Perfect Prey by Helen Fields – review

Published by Avon

Publication date – 27 July 2017

Source – review copy

Welcome to Edinburgh. Murder capital of Europe.

In the middle of a rock festival, a charity worker is sliced across the stomach. He dies minutes later. In a crowd of thousands, no one saw his attacker.

The following week, the body of a primary school teacher is found in a dumpster in an Edinburgh alley, strangled with her own woollen scarf.

D.I. Ava Turner and D.I. Luc Callanach have no leads and no motive until around the city, graffitied on buildings, words appear describing each victim.

It’s only when they realise the words are being written before rather than after the murders, that they understand the killer is announcing his next victim and the more innocent the better.

A young man is murdered in front of a crowd of thousands, though no one sees the killer. A nurse is brutally murdered in her own home. DI Luc Callanach and DI Ava Turner soon find that their separate cases are linked. It appears the murderer is announcing their next victim and as more murders occur Luc and Ava are on a race to decipher the clues before the next person is killed.

This is not a slow build novel. It opens with an unusual and somewhat barbaric murder at a music festival and soon more bodies are piling up. The murders are gruesome, the kind nature of the victims making the reader perhaps feel even more sorry for them that they met such untimely and grisly ends.

The characters are beginning to develop more in this novel. There are flashes of humour from Ava Turner, which lighten the tone to just the right amount. The more I read of the novel, the more I liked Ava. Luc still has his issues, tied over from an incident from his past whilst working at Interpol. This lead him to move to Scotland and has had a somewhat physical effect on him. I’m going to sound very unsympathetic but his issues began to grate on me again, as they did with the first book. It seemed as if the issue was a little laboured. I was glad to see that a little peccadillo of his from the last novel didn’t emerge in this one. I was able to be a little bit more sympathetic towards him as a result. (I know this sounds a little vague but I don’t want to give too much away and spoil the story).

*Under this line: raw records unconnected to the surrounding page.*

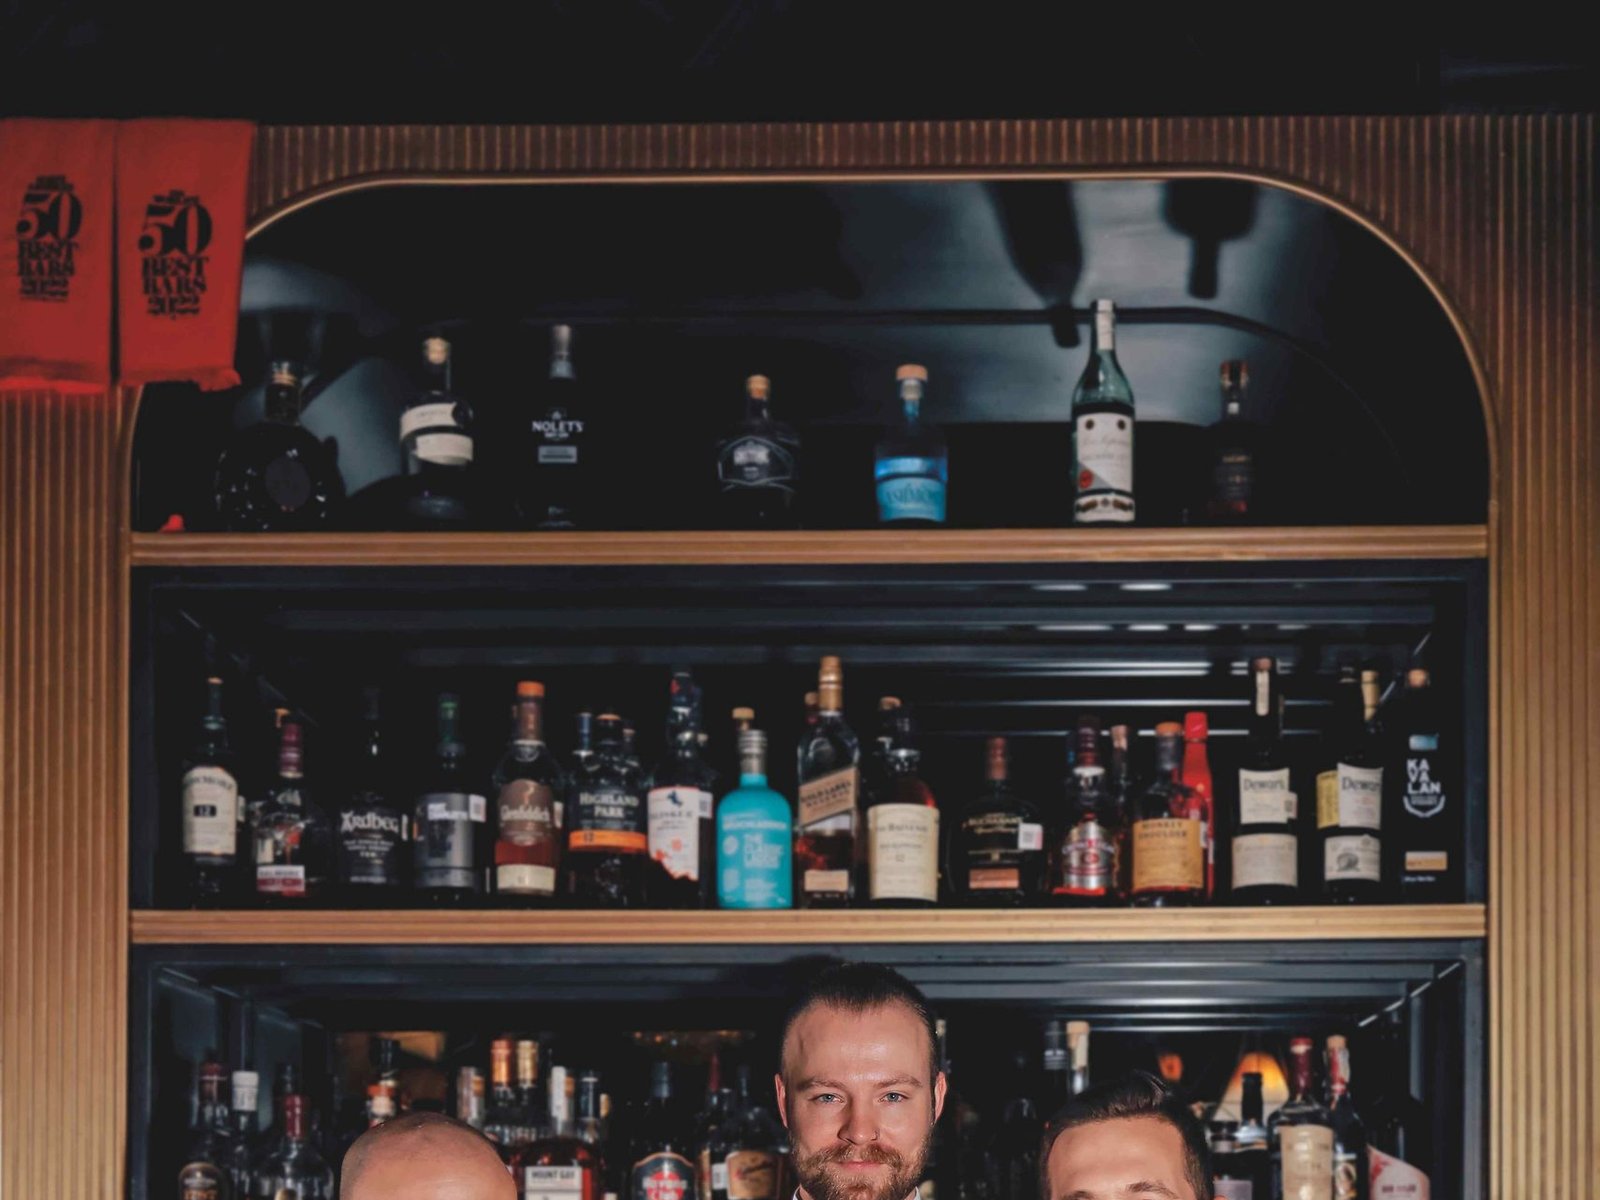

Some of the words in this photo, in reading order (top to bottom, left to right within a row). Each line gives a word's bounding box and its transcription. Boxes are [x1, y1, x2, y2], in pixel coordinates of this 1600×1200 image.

[16, 191, 83, 240] 50
[138, 203, 213, 257] 50
[18, 238, 79, 260] BEST
[142, 256, 209, 278] BEST
[143, 276, 207, 295] BARS
[579, 792, 639, 807] HIGHLAND
[593, 806, 626, 818] PARK

Despite my issues with Luc I still enjoyed the story. The dark web features heavily and it made the story feel all the more oppressive and gritty (in a good way) for it. It also made me glad that I really don’t know much about the dark web! The motive for the murders was dealt with in a clever way. I also love the setting of Edinburgh. The story, and back stories kept me engaged, so much so that I went to check my bookshelves to see if I had the next book in the series.

An entertaining, dark, interesting second installment in the Callanach series. I look forward to reading more Callanach and Turner stories in the future.

About the author

Helen Fields’ first love was drama and music. From a very young age she spent all her free time acting and singing until law captured her attention as a career path. She studied law at the University of East Anglia, then went on to the Inns of Court School of Law in London.

After completing her pupillage, she joined chambers in Middle Temple where she practised criminal and family law for thirteen years. Undertaking cases that ranged from Children Act proceedings and domestic violence injunctions, to large scale drug importation and murder, Helen spent years working with the police, CPS, Social Services, expert witnesses and in Courts Martials.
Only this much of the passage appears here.